Чувство торжества охватило Пендрейка, когда парадная дверь захлопнулась за ним. Он шел по улице, мысли разлетались, и от безудержного восторга, во власти которого он оказался, его шатало, как накачавшегося наркомана. Он позавтракал в какой-то забегаловке в миле от дома Грейсона, и лишь тогда по-настоящему осознал всю значимость того, что узнал: «Итак, доктор Грейсон, известный ученый, и есть тот человек, которых стоит за всем этим делом! Ну и что дальше?»

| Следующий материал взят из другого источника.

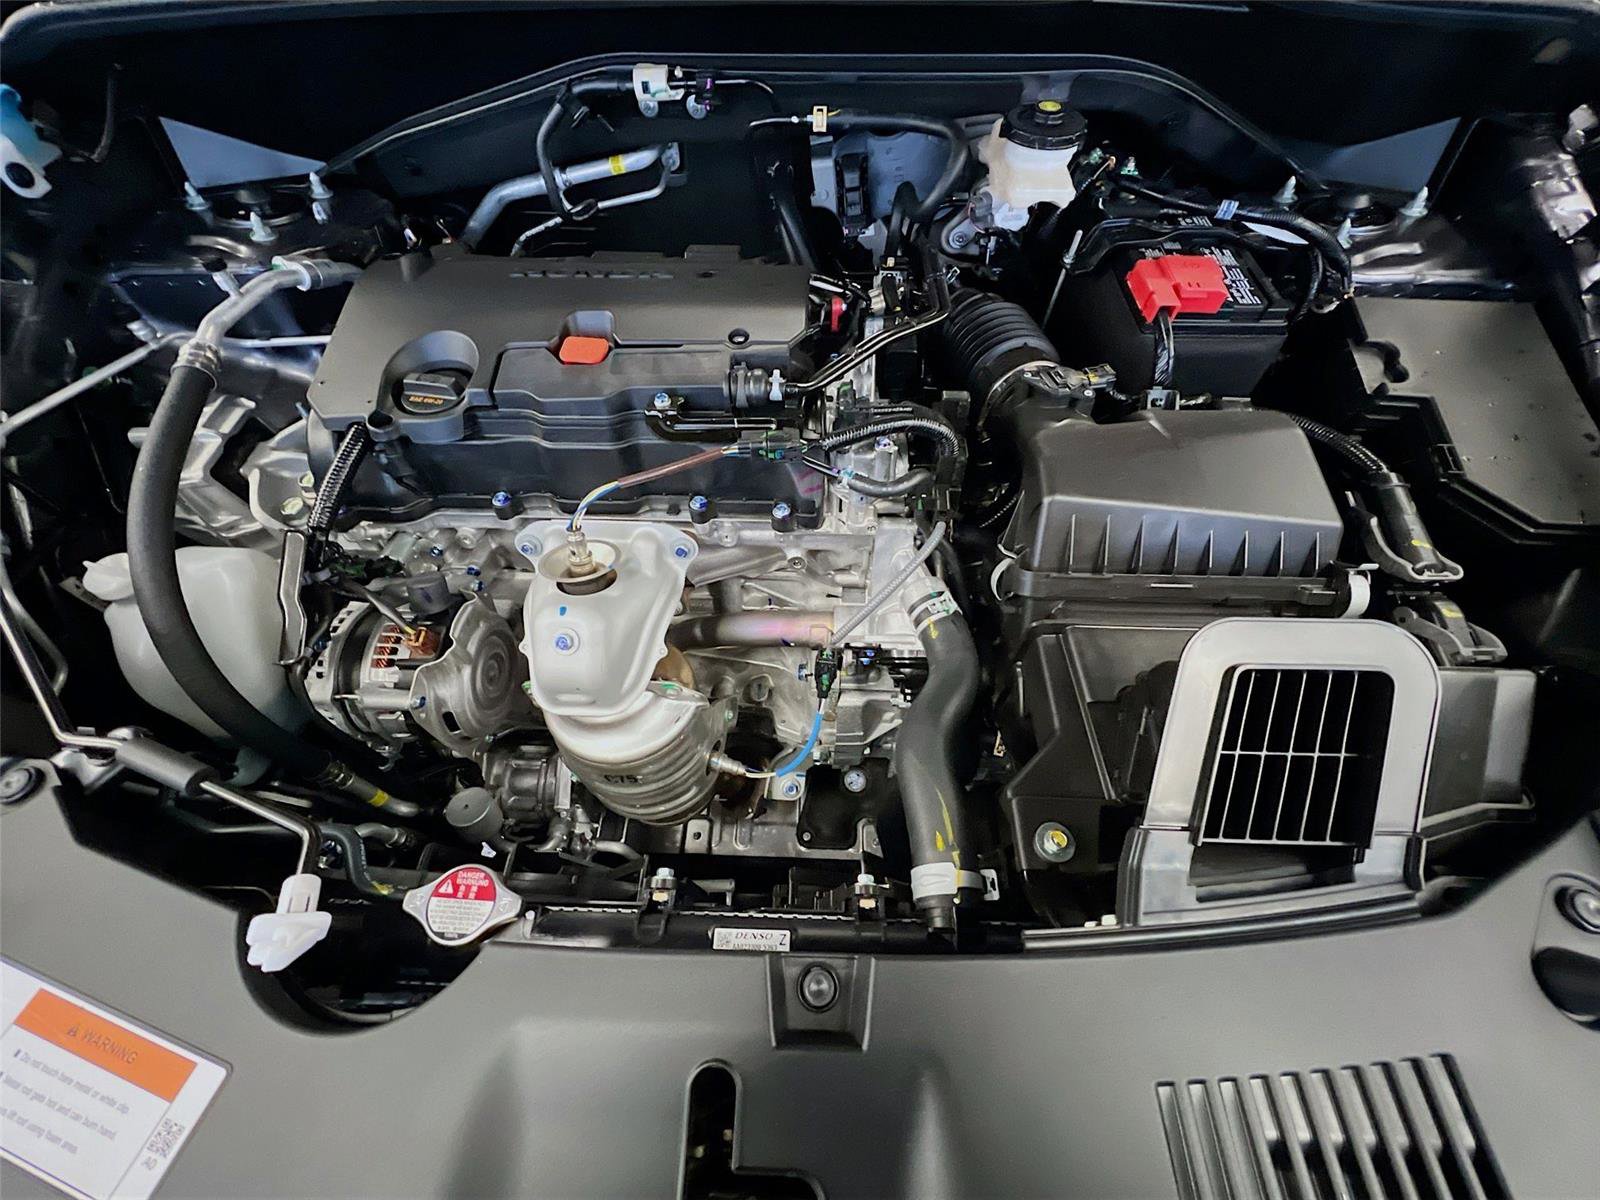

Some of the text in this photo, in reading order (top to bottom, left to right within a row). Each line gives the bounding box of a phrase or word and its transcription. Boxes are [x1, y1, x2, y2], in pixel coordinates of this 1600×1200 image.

Выспавшись, он позвонил Хоскинсу по межгороду.
«Невозможно, — подумал он, дожидаясь соединения, — справиться со всем таким сложным делом в одиночку».
Случись что-либо с ним — и его открытие уйдет вместе с ним в Вечность и вряд ли когда-нибудь будет обнаружено снова. В конце концов, он оказался здесь, потому что присягал на верность своей Родине, и эта клятва для него не являлась пустым звуком.
Его мечтания оборвались, когда телефонистка произнесла:
— Мистер Хоскинс отказывается говорить с вами, сэр.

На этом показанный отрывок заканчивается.